▶ _Try it_:
For this exercise, reproduce each entry below exactly, excluding pictures.
++++++
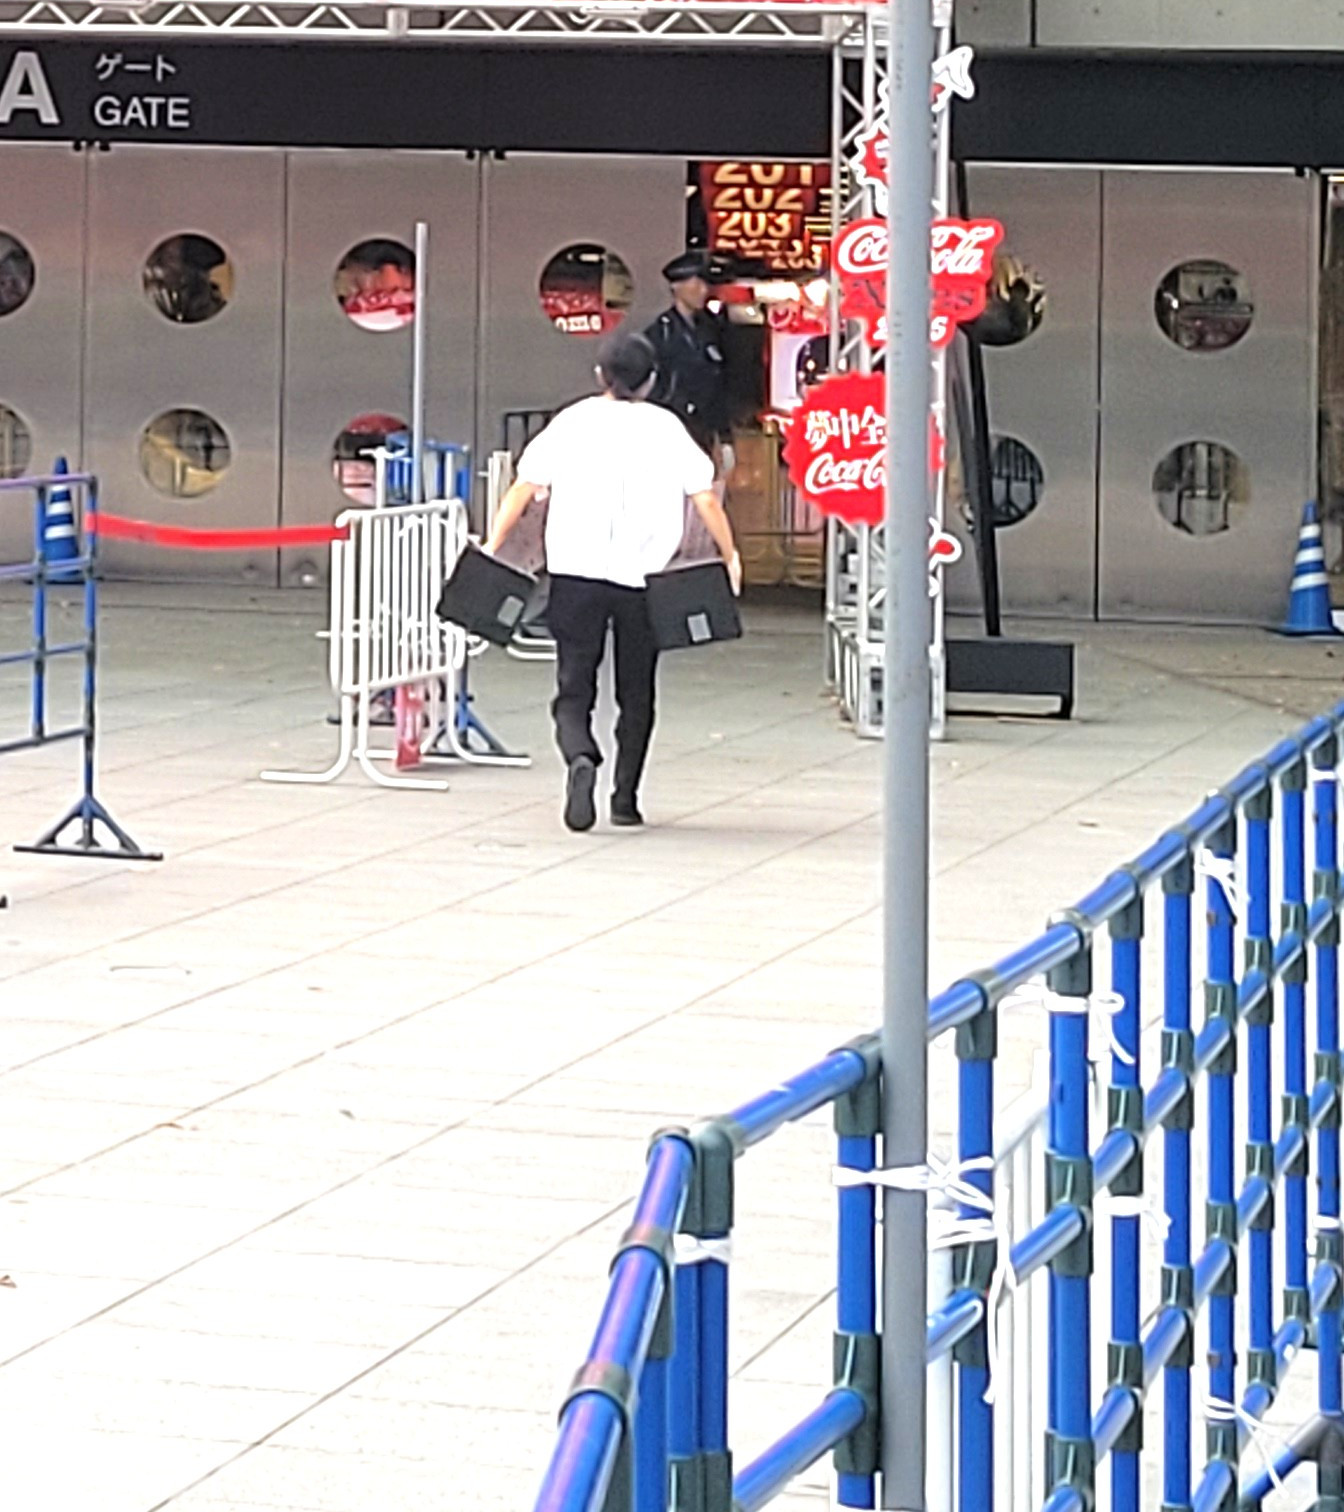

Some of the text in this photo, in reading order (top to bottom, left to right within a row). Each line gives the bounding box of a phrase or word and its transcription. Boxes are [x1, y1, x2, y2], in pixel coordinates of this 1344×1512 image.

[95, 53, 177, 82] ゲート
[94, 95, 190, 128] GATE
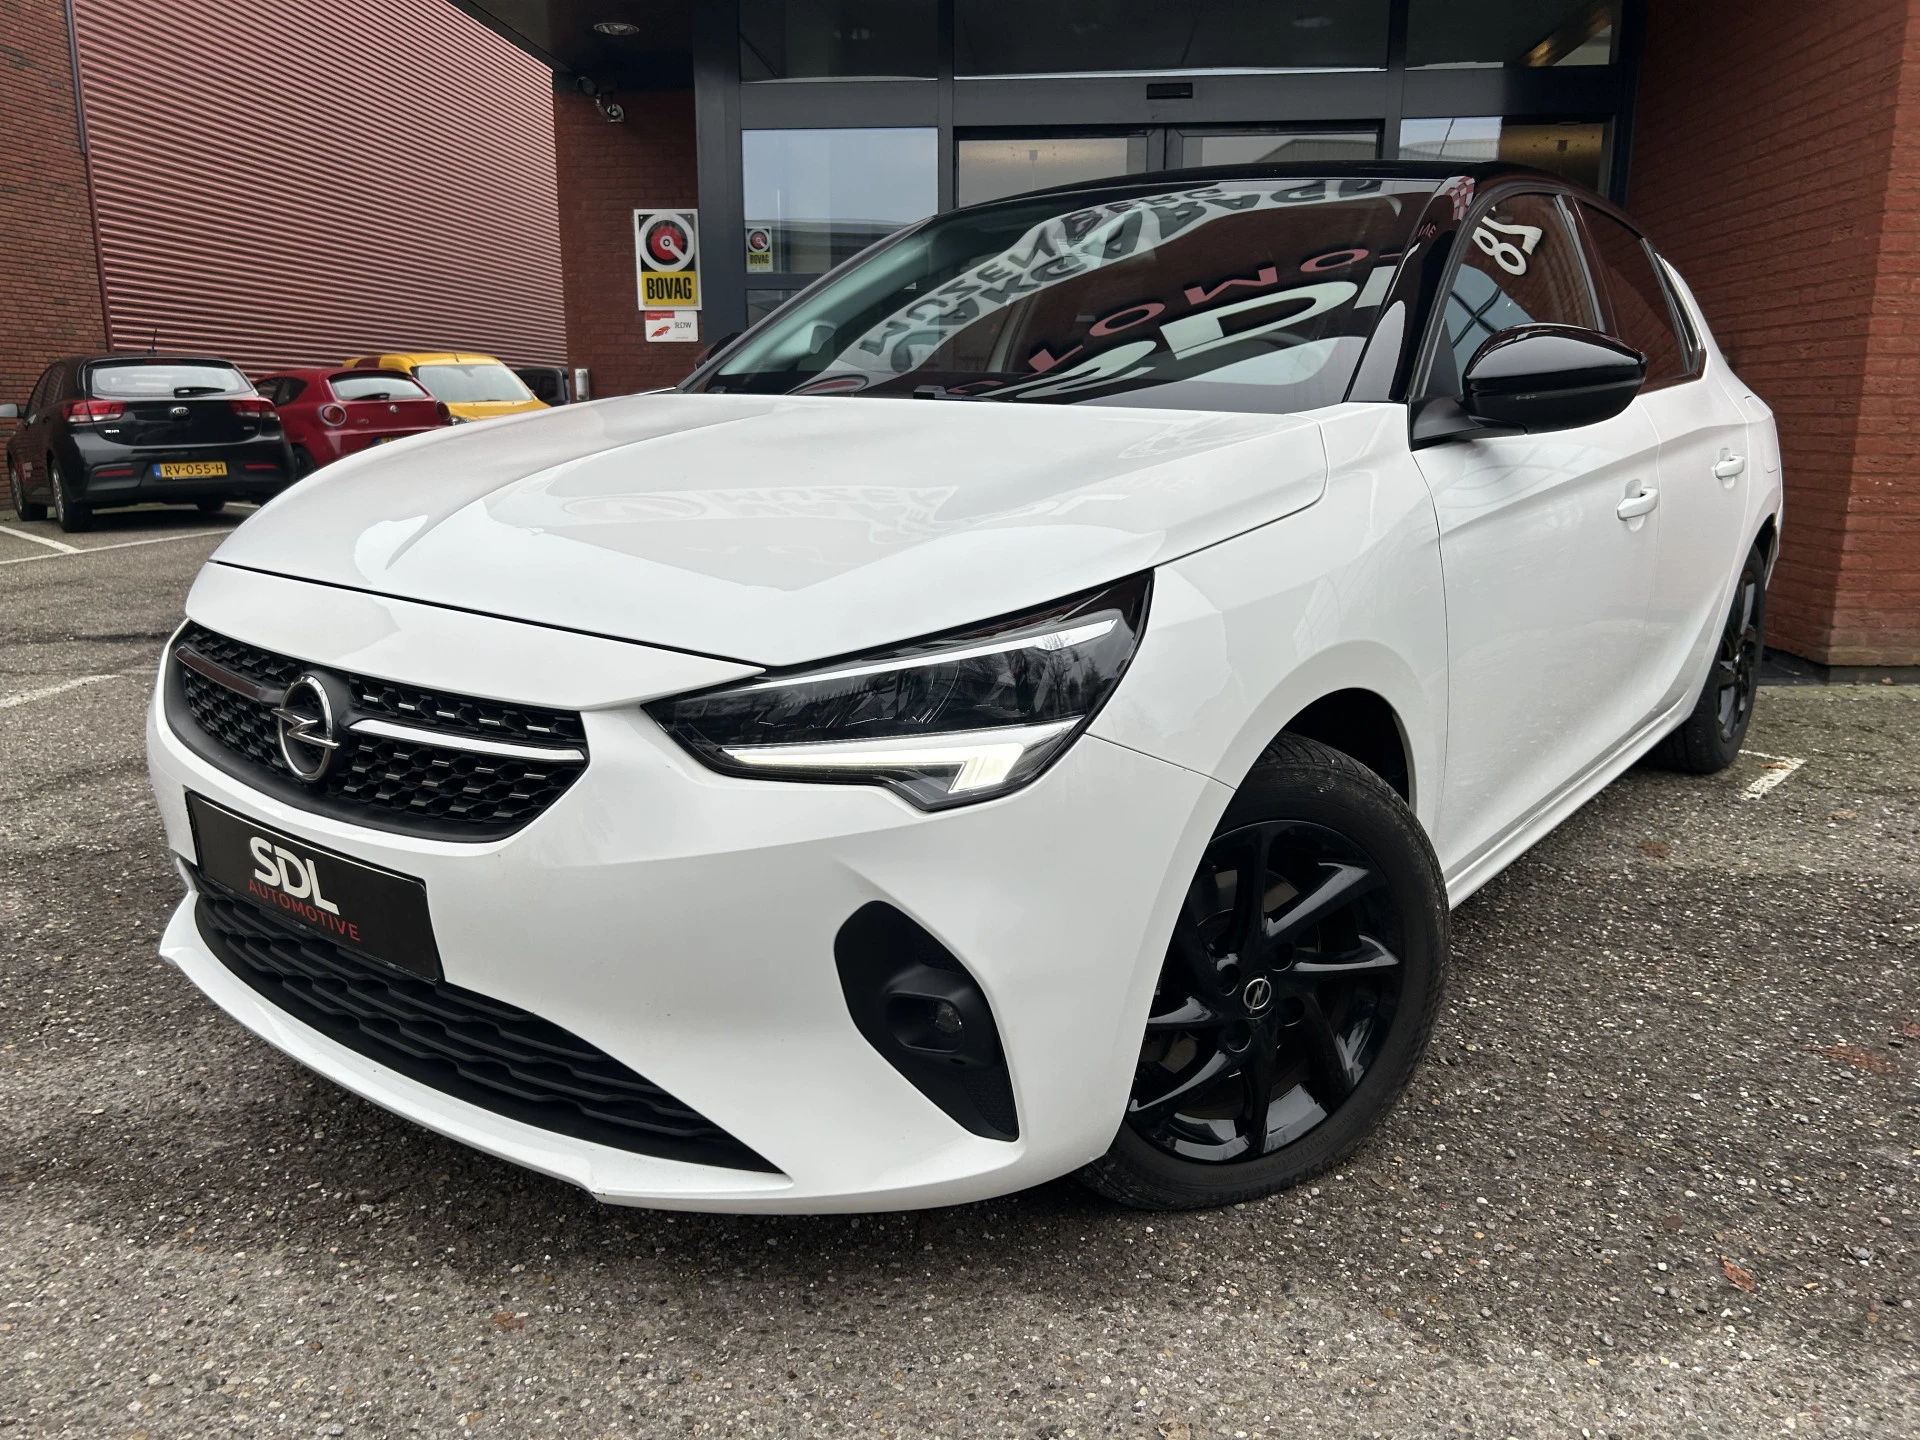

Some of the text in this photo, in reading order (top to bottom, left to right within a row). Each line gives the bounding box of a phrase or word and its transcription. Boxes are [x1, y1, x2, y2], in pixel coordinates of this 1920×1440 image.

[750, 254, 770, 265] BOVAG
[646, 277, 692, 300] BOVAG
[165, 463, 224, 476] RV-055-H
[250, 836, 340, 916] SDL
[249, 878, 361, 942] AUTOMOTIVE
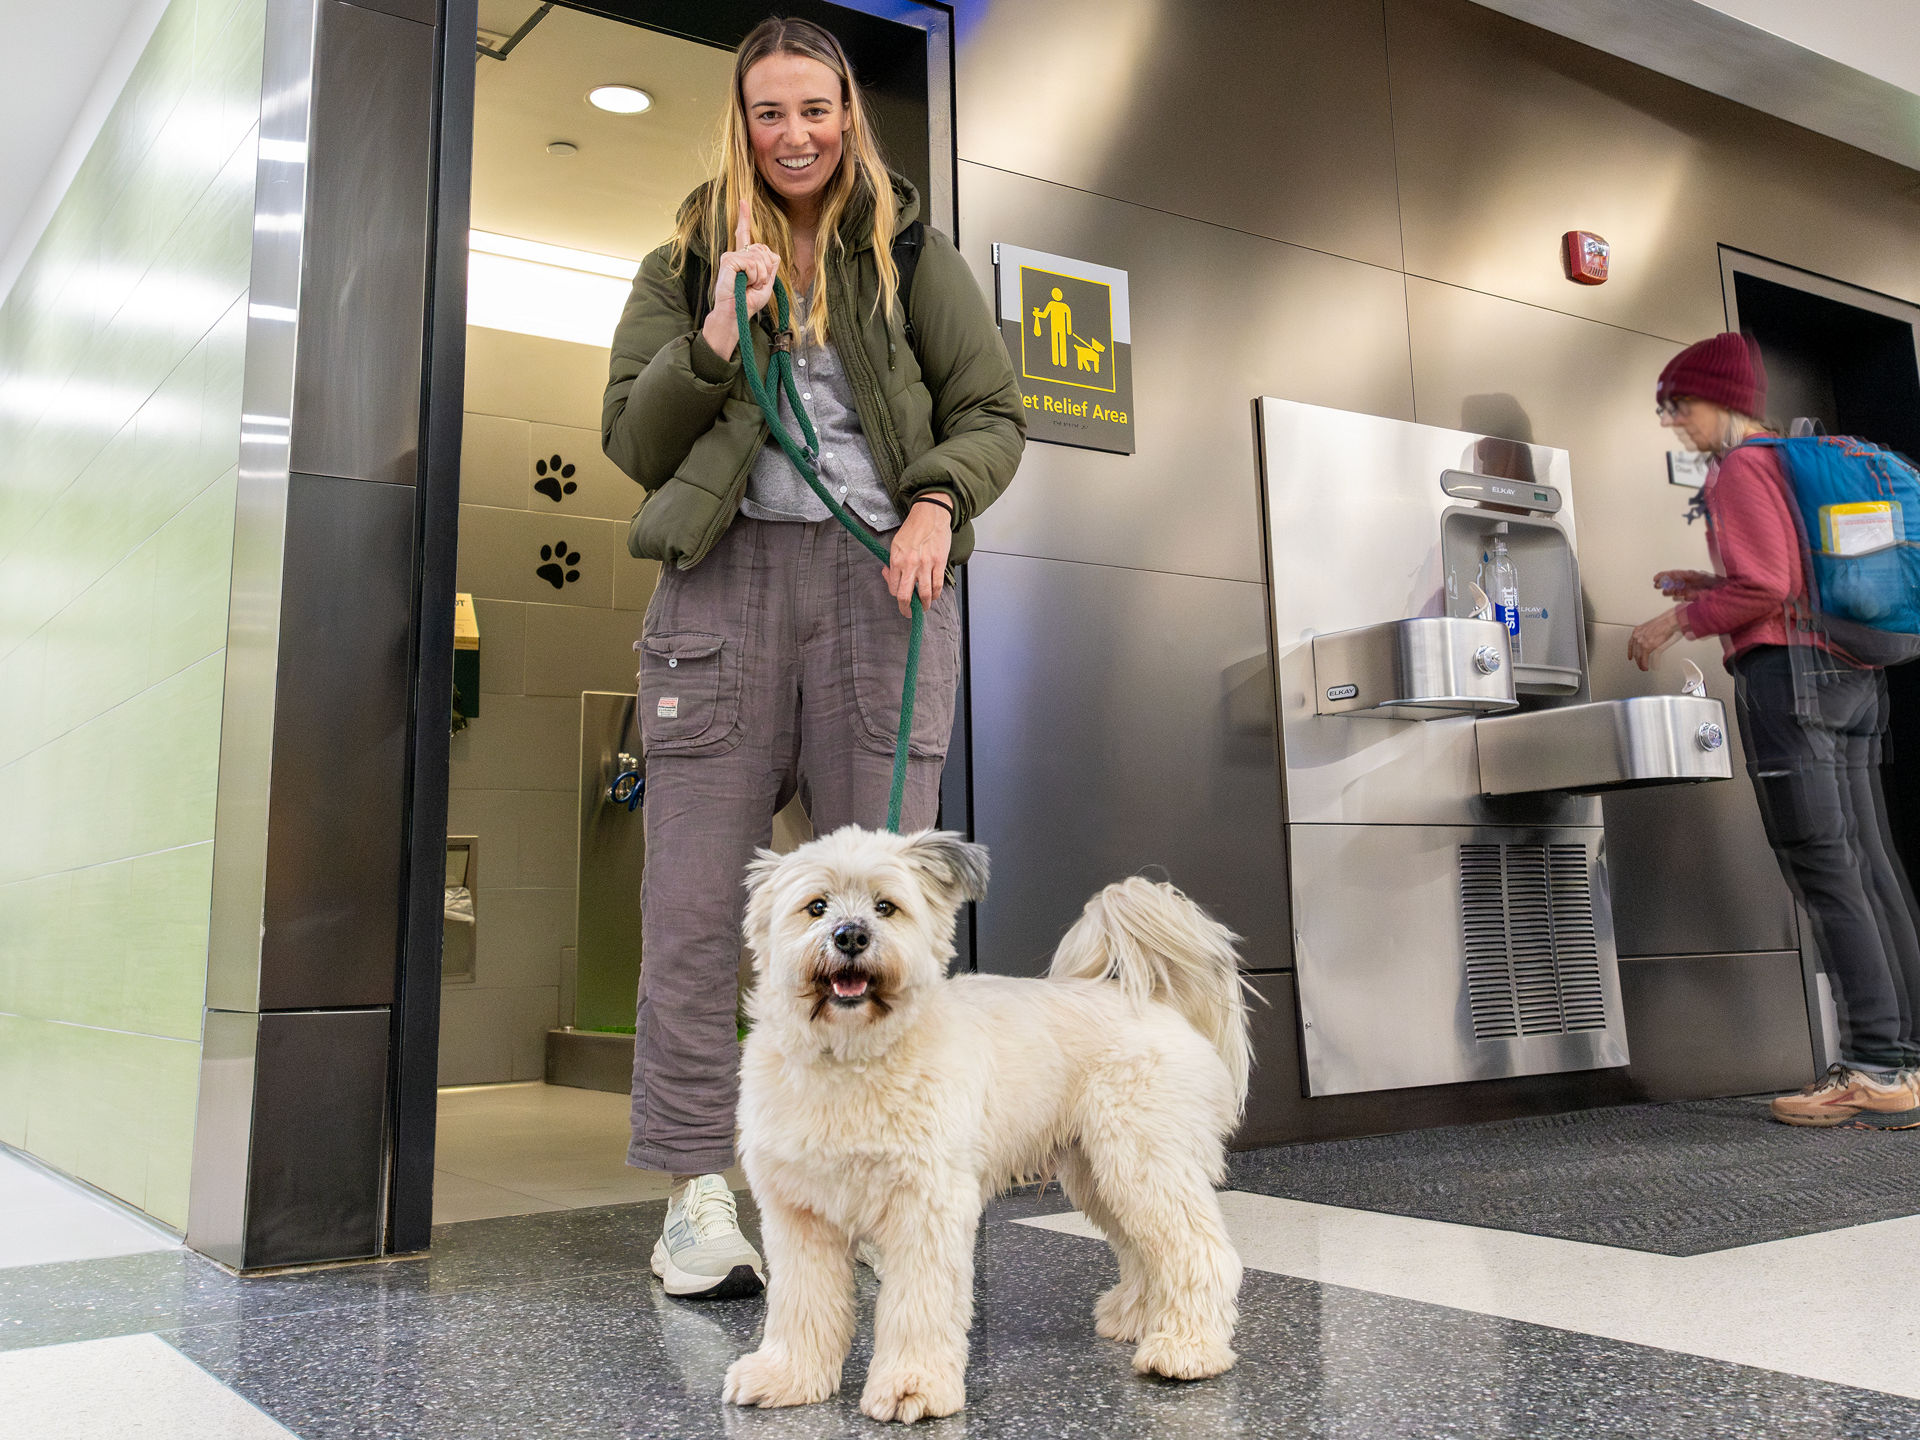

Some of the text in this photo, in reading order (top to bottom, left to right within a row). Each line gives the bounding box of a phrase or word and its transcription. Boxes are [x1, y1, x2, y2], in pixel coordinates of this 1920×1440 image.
++++++
▶ _Answer space_:
Some of the text in this photo, in reading order (top to bottom, left to right within a row). Each line gives the bounding box of a phrase or word and its transcription. Boxes are [x1, y1, x2, y2], in pixel coordinates of this 1344×1512 image.

[95, 53, 177, 82] ゲート
[94, 95, 190, 128] GATE

Some of the text in this photo, in reading order (top to bottom, left to right within a row). Each line gives the bounding box of a phrase or word and its transcription. Boxes are [x1, y1, x2, y2], in pixel coordinates of this 1920×1440 image.

[750, 254, 770, 265] BOVAG
[646, 277, 692, 300] BOVAG
[165, 463, 224, 476] RV-055-H
[250, 836, 340, 916] SDL
[249, 878, 361, 942] AUTOMOTIVE

Some of the text in this photo, in reading order (top to bottom, left to right within a row). Each line gives the bounding box of a phrase or word and its transcription. Boxes are [x1, y1, x2, y2], in pixel coordinates of this 1920×1440 image.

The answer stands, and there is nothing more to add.